Miranda J. Crouch, Rasagna Kosaraju, William Guesdon, Michael Armstrong, Nichole Reisdorph, Raghav Jain, Jenifer Fenton, Saame Raza Shaikh

Original languageEnglish
JournalJournal of Leukocyte Biology
DOIs
Accepted/In press1 Jan 2018

King's Authors

Abstract

Obesity dysregulates B cell populations, which contributes toward poor immunological outcomes. We previously reported that differing B cell subsets are lowered in the bone marrow of obese male mice. Here, we focused on how lipid metabolites synthesized from docosahexaenoic acid (DHA) known as specialized pro-resolving lipid mediators (SPMs) influence specific B cell populations in obese male mice. Metabololipidomics revealed that splenic SPM precursors 14-hydroxydocosahexaenoic acid (14-HDHA), 17-hydroxydocosahexaenoic acid (17-HDHA), and downstream protectin DX (PDX) were decreased in obese male C57BL/6J mice. Simultaneous administration of these mediators to obese mice rescued major decrements in bone marrow B cells, modest impairments in the spleen, and circulating IgG2c, which is pro-inflammatory in obesity.

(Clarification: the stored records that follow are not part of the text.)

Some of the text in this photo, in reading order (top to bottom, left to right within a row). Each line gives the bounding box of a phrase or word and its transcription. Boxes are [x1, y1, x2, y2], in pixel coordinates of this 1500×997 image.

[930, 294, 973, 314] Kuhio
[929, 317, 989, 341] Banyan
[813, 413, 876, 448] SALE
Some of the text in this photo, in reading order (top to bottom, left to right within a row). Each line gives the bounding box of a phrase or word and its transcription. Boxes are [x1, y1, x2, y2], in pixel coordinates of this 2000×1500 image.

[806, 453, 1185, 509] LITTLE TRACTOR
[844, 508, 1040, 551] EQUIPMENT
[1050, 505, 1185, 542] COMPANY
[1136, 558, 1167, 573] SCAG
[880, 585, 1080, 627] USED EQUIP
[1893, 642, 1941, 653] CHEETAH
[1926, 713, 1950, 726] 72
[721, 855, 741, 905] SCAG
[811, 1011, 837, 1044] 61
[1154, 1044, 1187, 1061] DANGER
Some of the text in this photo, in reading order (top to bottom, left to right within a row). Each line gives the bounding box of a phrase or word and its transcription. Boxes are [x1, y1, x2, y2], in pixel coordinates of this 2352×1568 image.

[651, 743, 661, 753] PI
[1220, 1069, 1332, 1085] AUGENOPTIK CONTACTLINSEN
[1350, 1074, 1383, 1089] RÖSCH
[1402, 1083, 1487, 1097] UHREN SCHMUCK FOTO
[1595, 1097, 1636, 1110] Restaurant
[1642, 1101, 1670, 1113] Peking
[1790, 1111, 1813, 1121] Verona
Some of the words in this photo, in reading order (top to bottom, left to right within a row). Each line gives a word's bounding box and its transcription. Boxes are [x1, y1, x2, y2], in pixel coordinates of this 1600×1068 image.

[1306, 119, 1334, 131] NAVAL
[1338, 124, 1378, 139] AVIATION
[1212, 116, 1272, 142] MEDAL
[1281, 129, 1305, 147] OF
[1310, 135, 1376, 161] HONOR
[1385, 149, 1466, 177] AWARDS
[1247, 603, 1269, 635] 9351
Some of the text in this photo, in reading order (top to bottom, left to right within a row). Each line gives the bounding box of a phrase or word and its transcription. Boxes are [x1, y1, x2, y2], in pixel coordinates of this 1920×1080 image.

In vitro studies with B cells, flow cytometry experiments with ALOX5−/− mice, and lipidomic analyses revealed the lowering of 14-HDHA/17-HDHA/PDX and dysregulation of B cell populations in obesity was driven indirectly via B cell extrinsic mechanisms. Notably, the lowering of lipid mediators was associated with an increase in the abundance of n-6 polyunsaturated fatty acids, which have a high affinity for SPM-generating enzymes. Subsequent experiments revealed female obese mice generally maintained the levels of SPM precursors, B cell subsets, and antibody levels. Finally, obese human females had increased circulating plasma cells accompanied by ex vivo B cell TNFα and IL-10 secretion. Collectively, the data demonstrate that DHA-derived mediators of the SPM pathway control the number of B cell subsets and pro-inflammatory antibody levels in obese male but not female mice through a defect that is extrinsic to B cells.